Today, the New York Times wishes a happy upcoming 150th birthday to Edith Wharton, the author of such works as the Age of Innocence and The Buccaneers, which ripped into the culture and practices of the American nouveau-riche. Wharton herself was born into the New York upper crust, but said many of these families “had not come to the colonies to die for a creed but to live for a bank-account.” Still, the Times argues, the lives of the rich have long fascinated America, seeing as we have no technical royalty about which to gossip.
The world Wharton wrote about is the same world New York socialite Peter Marié tried to capture.
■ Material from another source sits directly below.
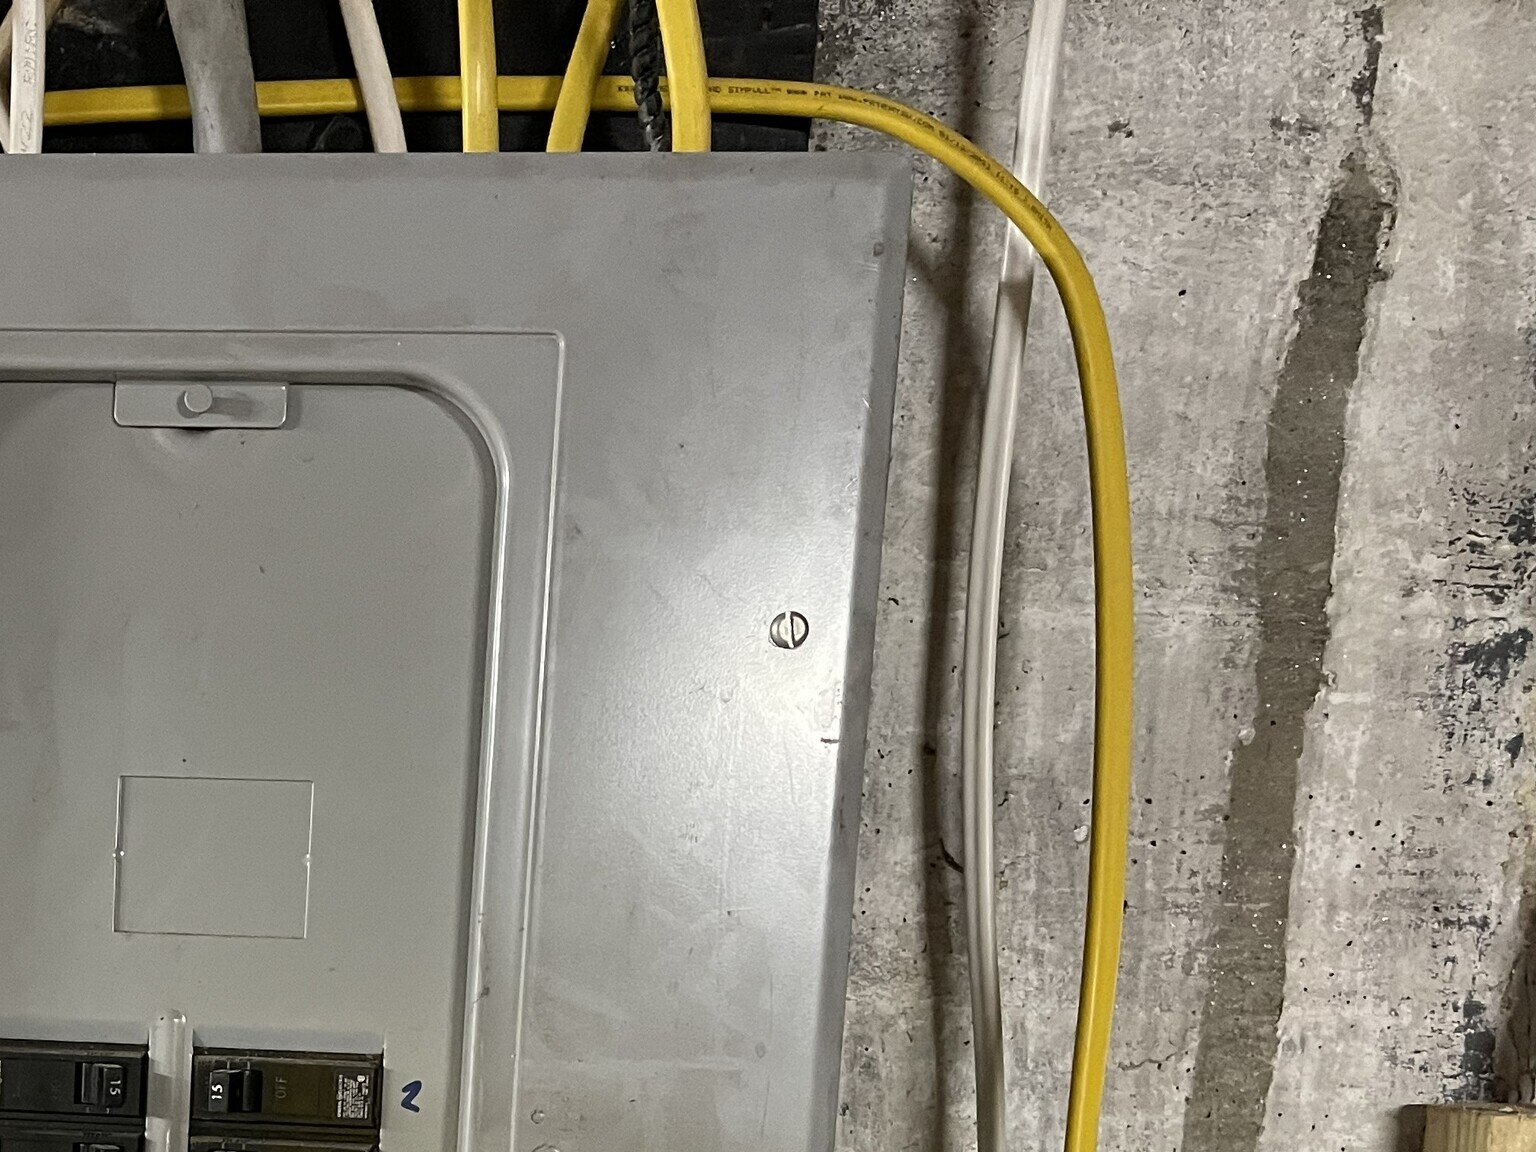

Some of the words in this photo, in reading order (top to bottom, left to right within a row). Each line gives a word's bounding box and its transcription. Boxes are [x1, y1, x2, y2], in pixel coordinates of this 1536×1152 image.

Beauties of the Gilded Age, currently on view in rotating installations, displays watercolor-on-ivory miniature portraits of the women of New York’s social elite, with last names like Astor (cousins of the Whartons), Roosevelt and Paget. Marié believed these women epitomized female beauty, and commissioned over 300 miniatures.
Wharton’s writing is wary of that world, which aspired to homemaking and social climbing seemingly over all else. But for most aristocratic women, an invitation to have their miniature painted was an honor. “Getting the stamp of approval from Peter Marié was the highlight of the society woman’s life,” according to Margi Hofer, curator of decorative arts at the New-York Historical. “For today’s audiences, these portraits offer a vivid document of New York’s Gilded Age aristocracy.”